▶ [Record excerpts]
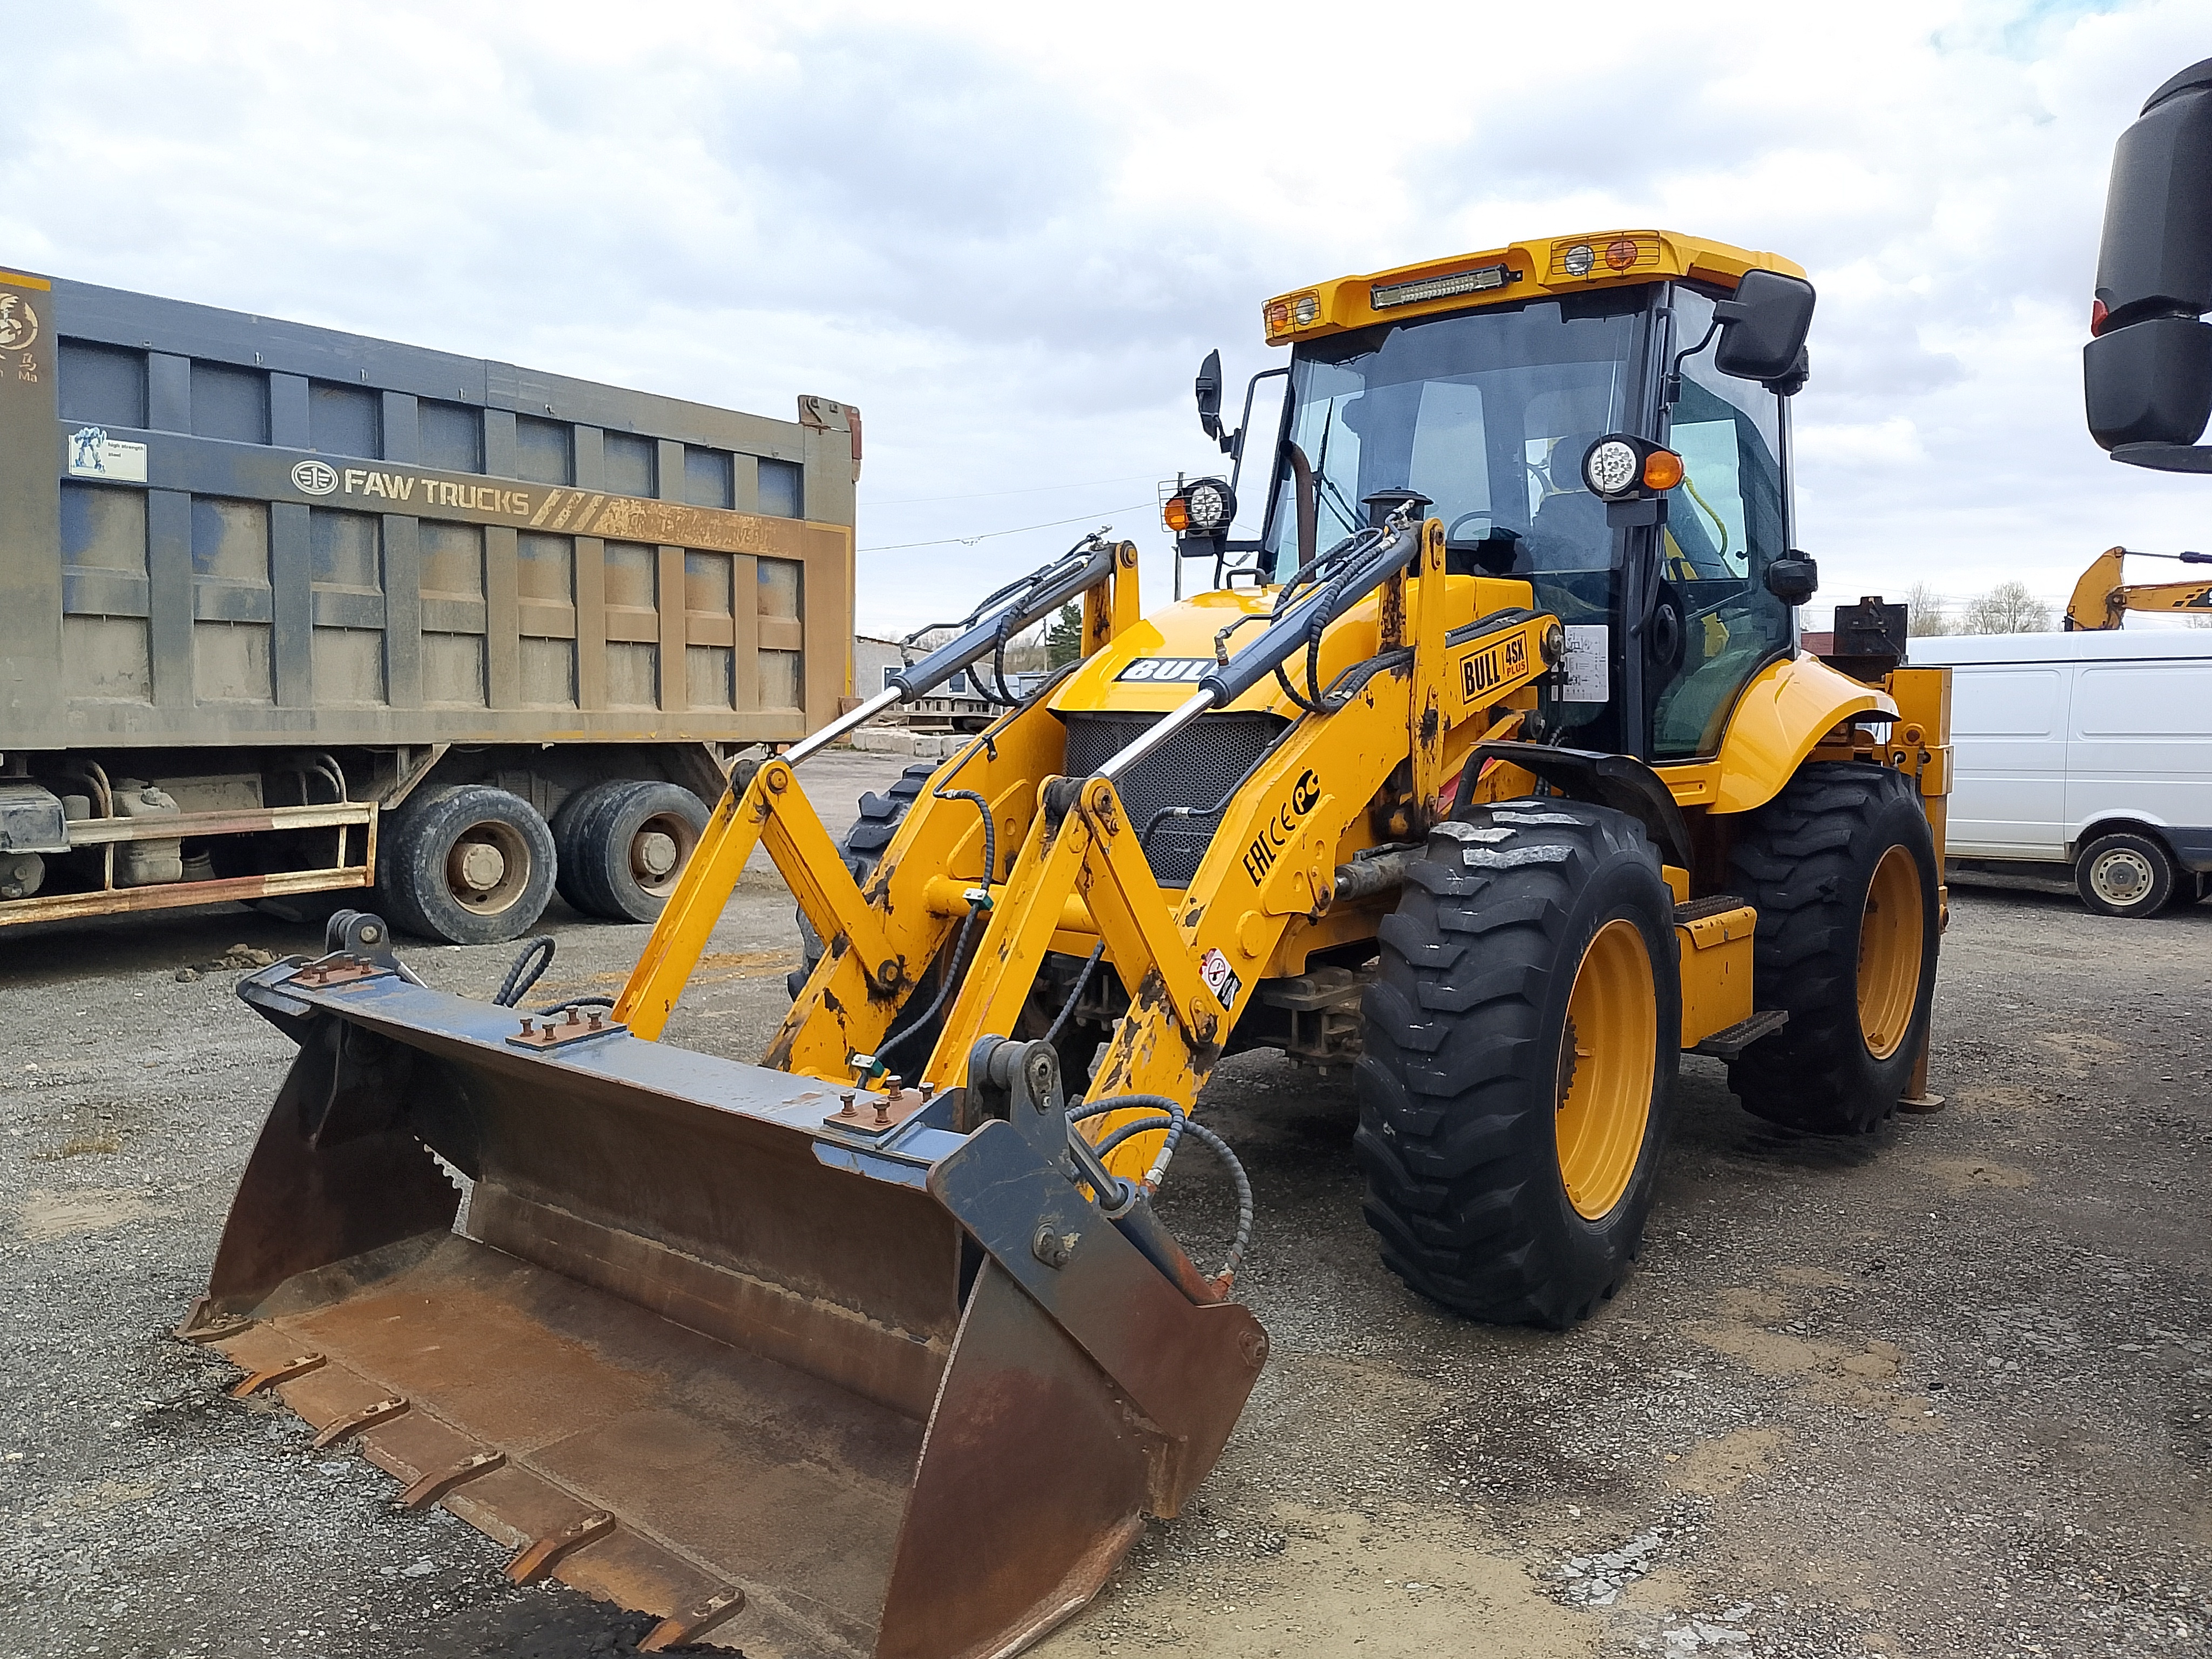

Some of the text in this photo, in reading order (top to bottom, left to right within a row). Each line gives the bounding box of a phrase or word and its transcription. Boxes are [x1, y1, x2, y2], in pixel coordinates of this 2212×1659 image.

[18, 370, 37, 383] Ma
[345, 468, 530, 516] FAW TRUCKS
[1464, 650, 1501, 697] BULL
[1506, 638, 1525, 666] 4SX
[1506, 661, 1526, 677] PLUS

▶ [Required action] Please copy the preceding records exactly and omit the images.

▶ [Result of this exercise]
Some of the text in this photo, in reading order (top to bottom, left to right within a row). Each line gives the bounding box of a phrase or word and its transcription. Boxes are [x1, y1, x2, y2], in pixel coordinates of this 2212×1659 image.

[18, 370, 37, 383] Ma
[345, 468, 530, 516] FAW TRUCKS
[1464, 650, 1501, 697] BULL
[1506, 638, 1525, 666] 4SX
[1506, 661, 1526, 677] PLUS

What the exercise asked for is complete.